Problem to solve: Keeping pictures out of the copy, restate each record word for word.
───── Available records
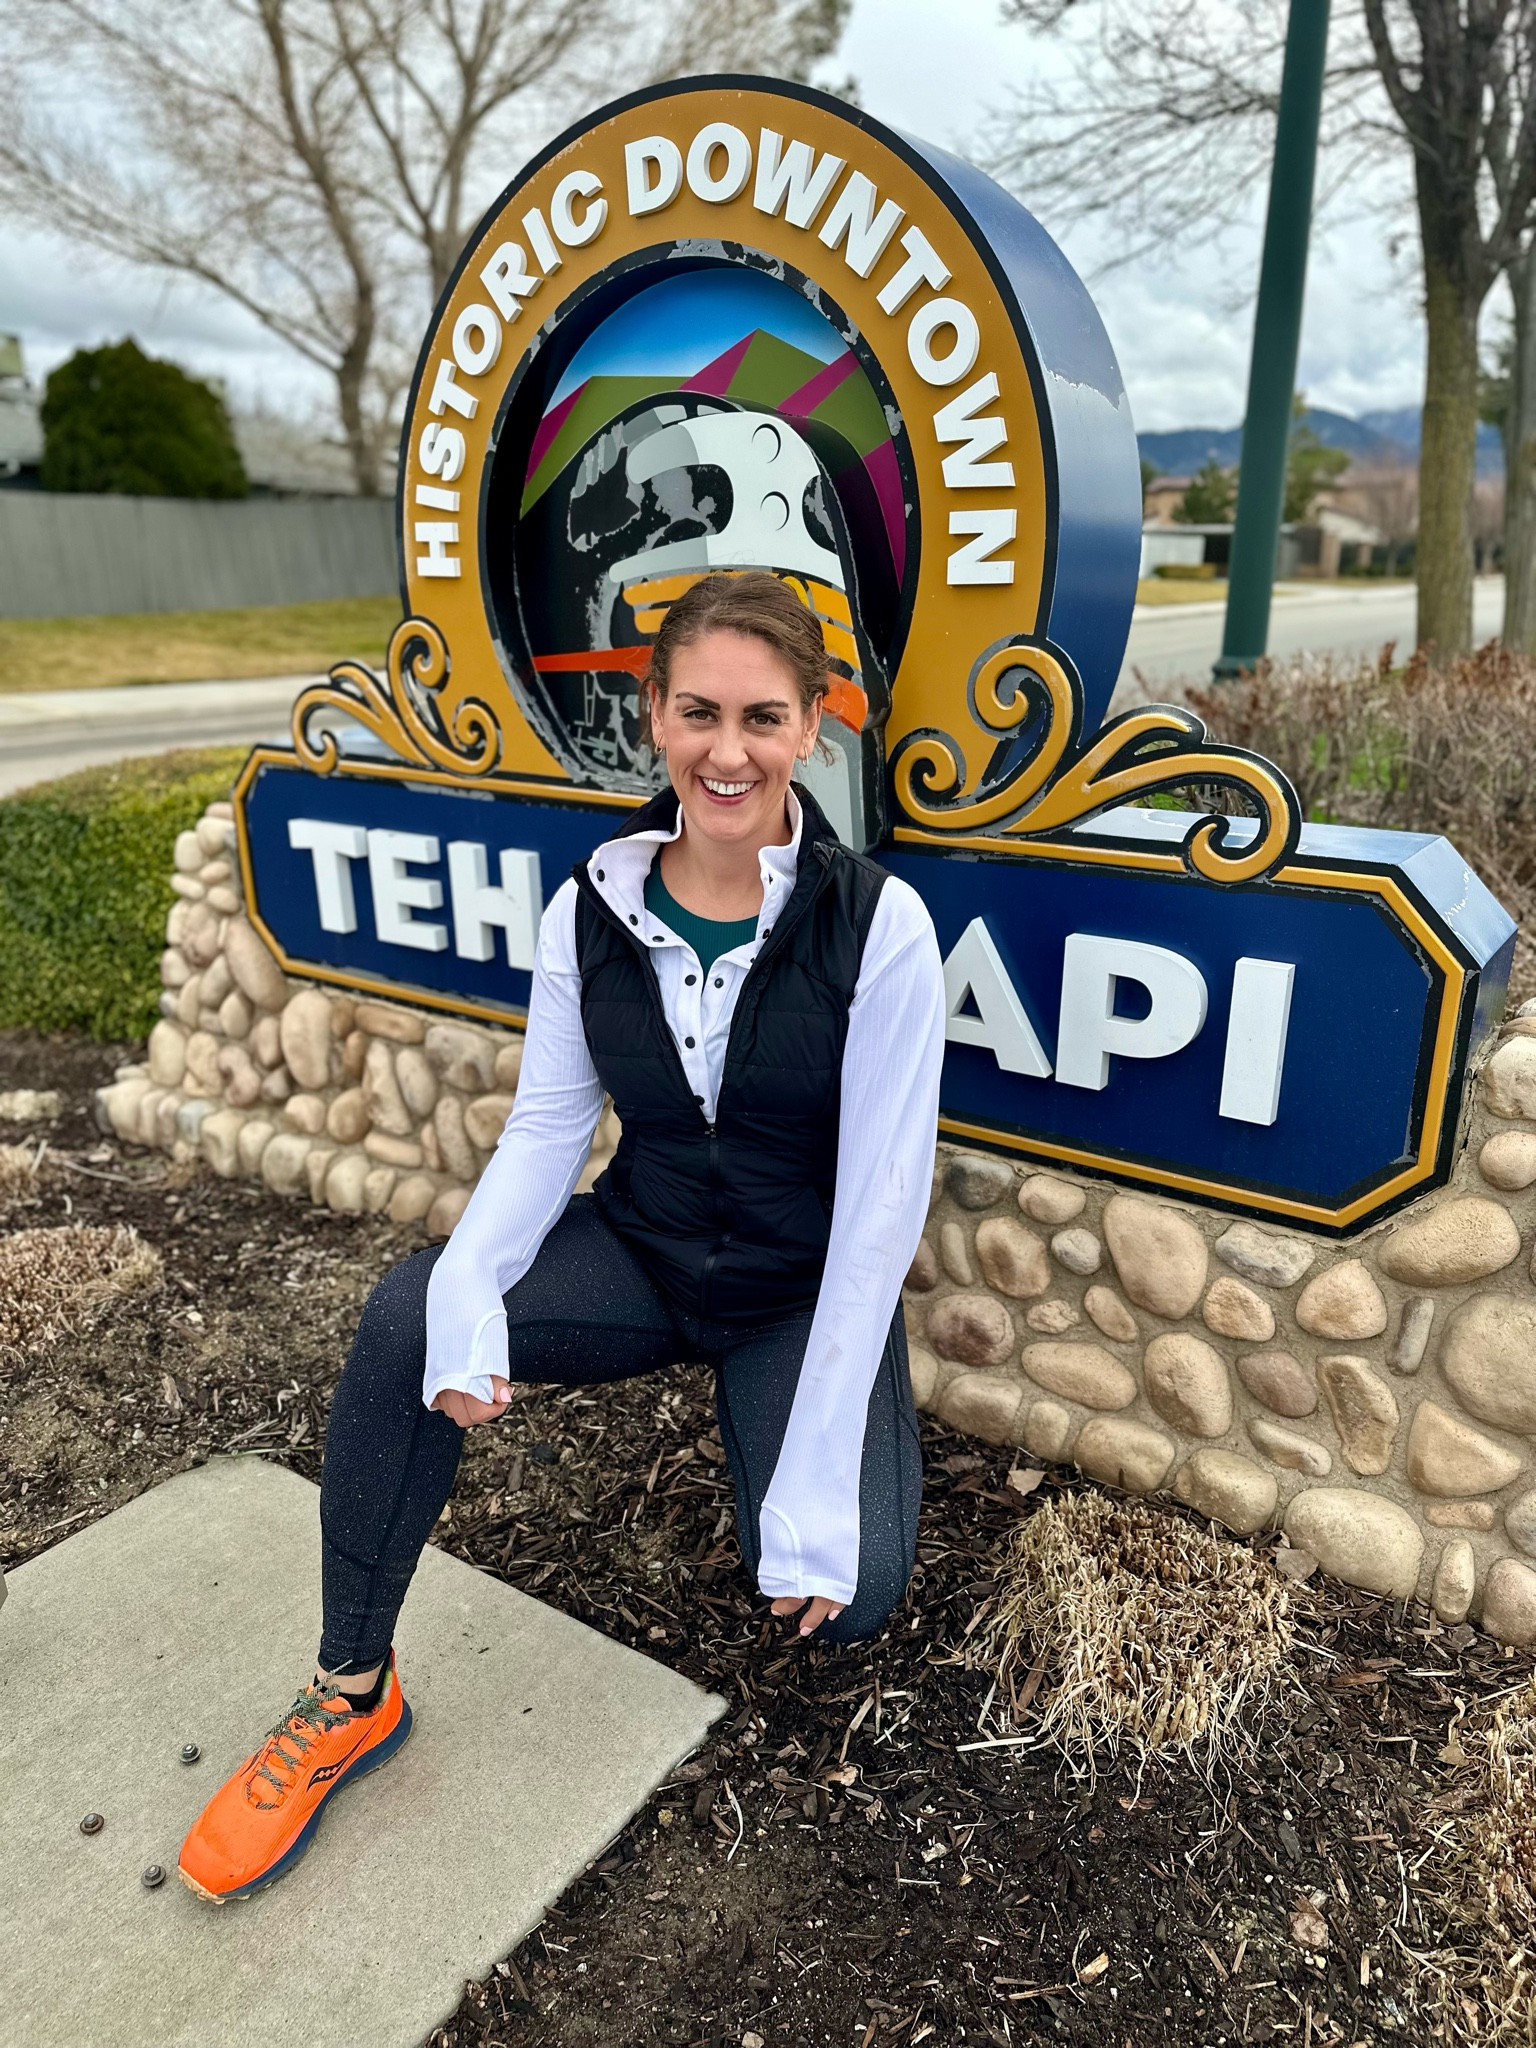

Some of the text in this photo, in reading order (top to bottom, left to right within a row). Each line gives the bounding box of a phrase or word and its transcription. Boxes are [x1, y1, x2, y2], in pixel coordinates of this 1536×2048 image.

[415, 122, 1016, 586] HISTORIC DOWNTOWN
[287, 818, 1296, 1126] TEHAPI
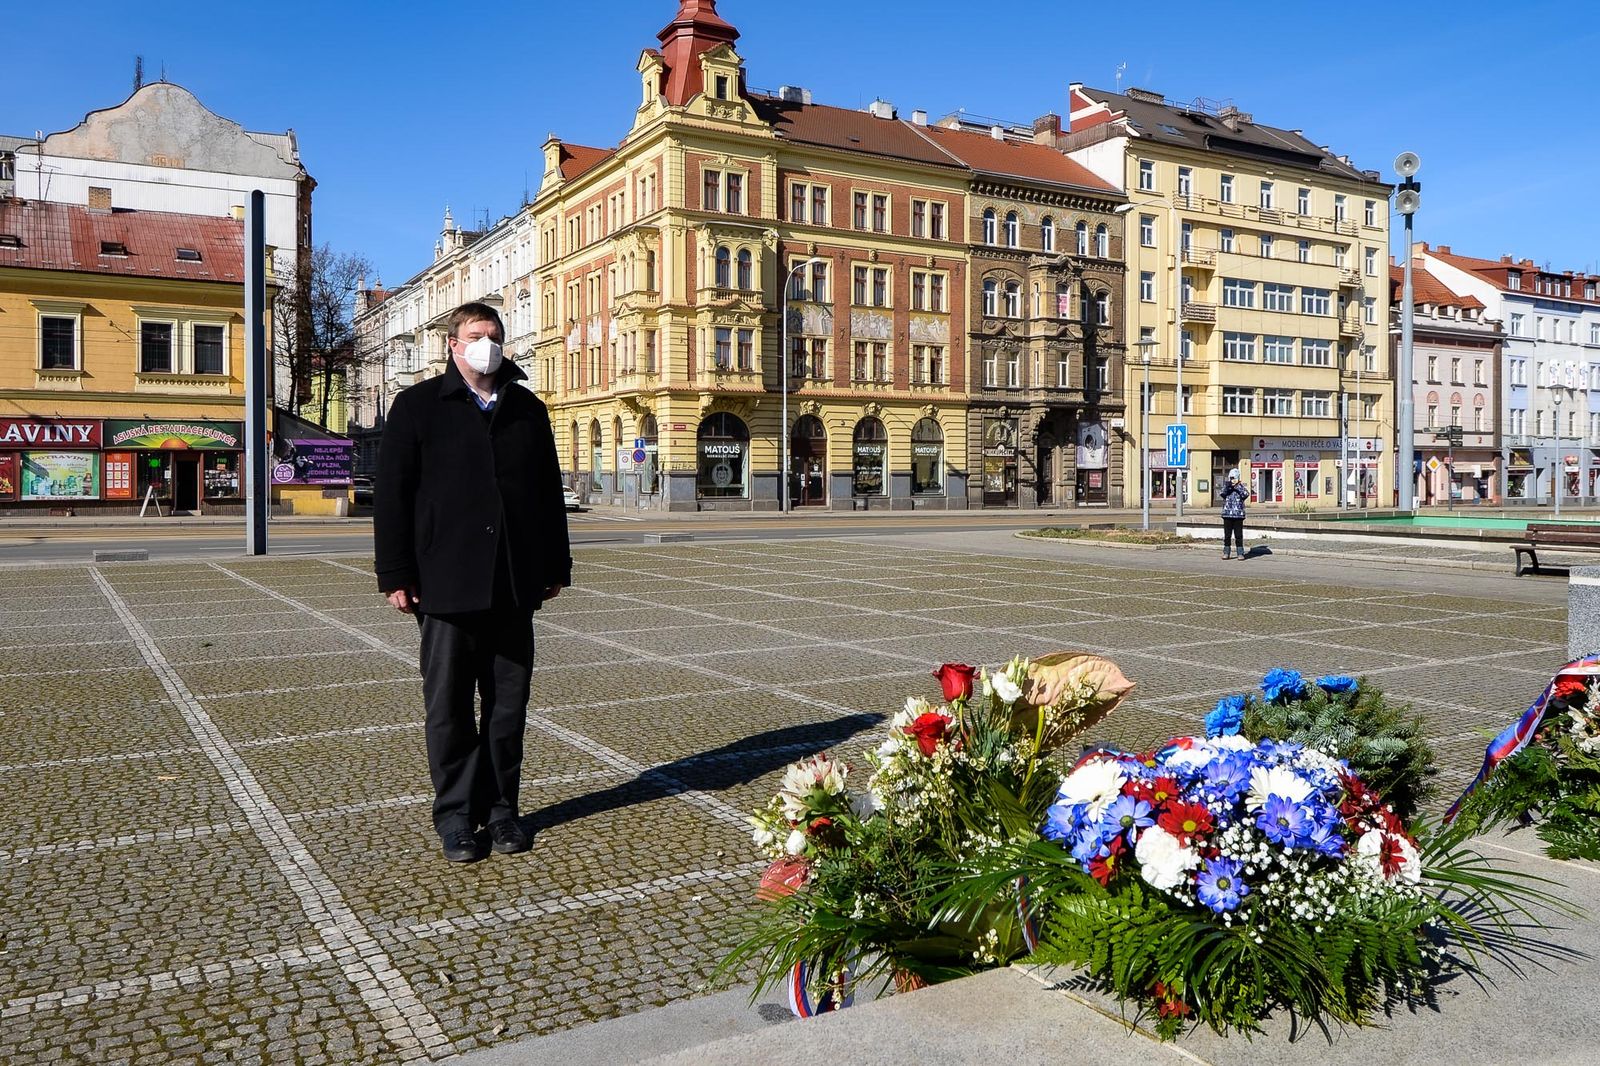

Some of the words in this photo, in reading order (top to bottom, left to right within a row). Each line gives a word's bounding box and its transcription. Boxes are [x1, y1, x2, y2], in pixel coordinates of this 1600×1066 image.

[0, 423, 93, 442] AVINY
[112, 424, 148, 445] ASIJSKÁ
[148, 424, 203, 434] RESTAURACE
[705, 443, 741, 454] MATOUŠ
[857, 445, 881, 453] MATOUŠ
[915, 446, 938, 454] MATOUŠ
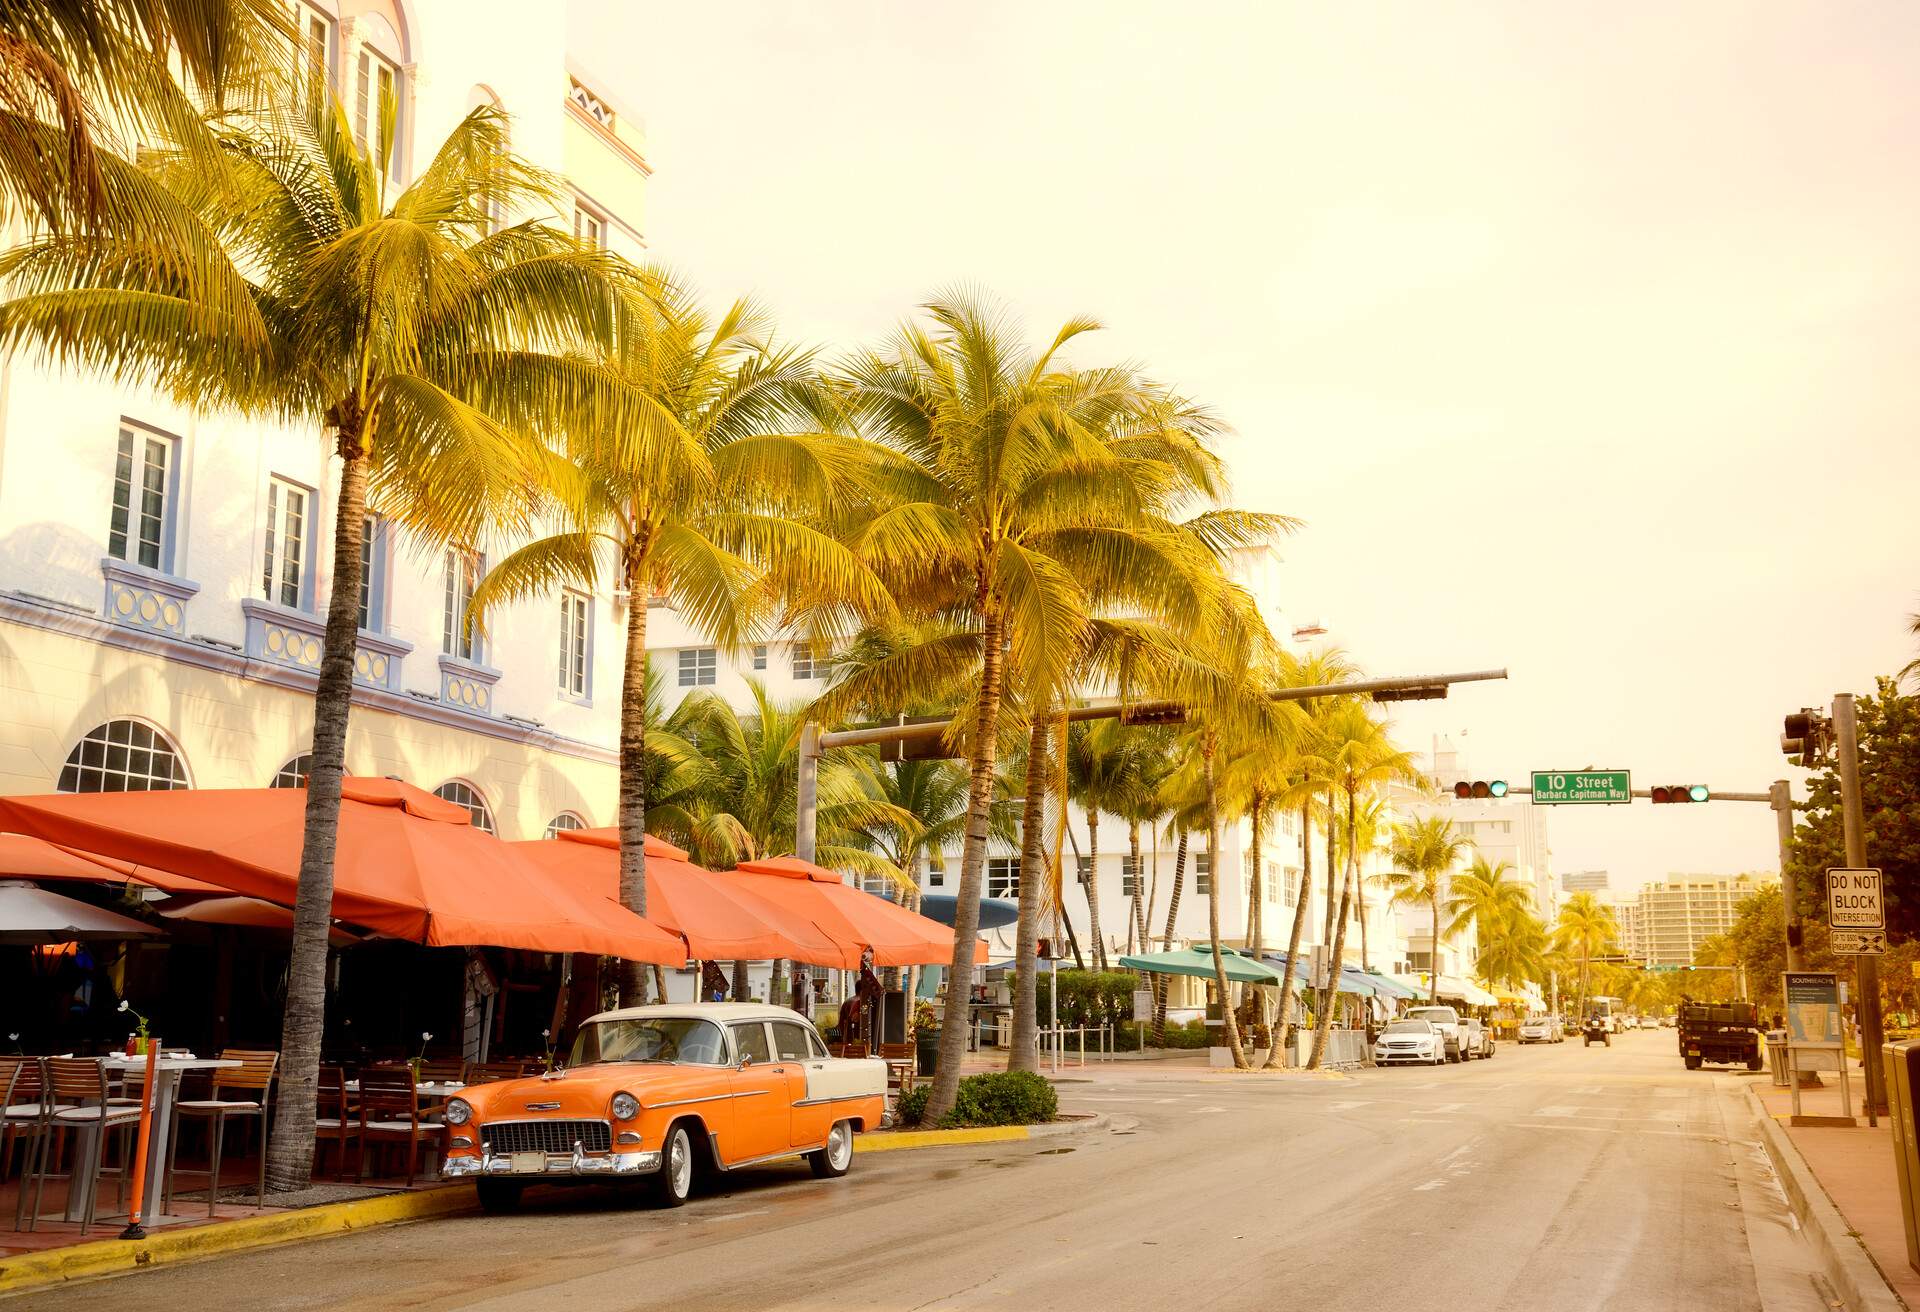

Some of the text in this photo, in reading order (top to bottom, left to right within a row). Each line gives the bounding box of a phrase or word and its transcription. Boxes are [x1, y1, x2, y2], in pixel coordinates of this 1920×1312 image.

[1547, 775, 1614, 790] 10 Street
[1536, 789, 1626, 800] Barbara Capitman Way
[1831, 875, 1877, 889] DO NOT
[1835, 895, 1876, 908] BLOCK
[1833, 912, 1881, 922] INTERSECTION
──────────
Your solution:
Some of the text in this photo, in reading order (top to bottom, left to right within a row). Each line gives the bounding box of a phrase or word and its transcription. Boxes are [x1, y1, x2, y2], in pixel coordinates of this 1536×2048 image.

[415, 122, 1016, 586] HISTORIC DOWNTOWN
[287, 818, 1296, 1126] TEHAPI

Some of the words in this photo, in reading order (top to bottom, left to right within a row). Each line gives a word's bounding box and its transcription. Boxes are [x1, y1, x2, y2], in pixel coordinates of this 1600×1066 image.

[0, 423, 93, 442] AVINY
[112, 424, 148, 445] ASIJSKÁ
[148, 424, 203, 434] RESTAURACE
[705, 443, 741, 454] MATOUŠ
[857, 445, 881, 453] MATOUŠ
[915, 446, 938, 454] MATOUŠ

Some of the text in this photo, in reading order (top to bottom, left to right within a row). Each line gives the bounding box of a phrase or word and its transcription. Boxes are [x1, y1, x2, y2], in pixel coordinates of this 1920×1312 image.

[1547, 775, 1614, 790] 10 Street
[1536, 789, 1626, 800] Barbara Capitman Way
[1831, 875, 1877, 889] DO NOT
[1835, 895, 1876, 908] BLOCK
[1833, 912, 1881, 922] INTERSECTION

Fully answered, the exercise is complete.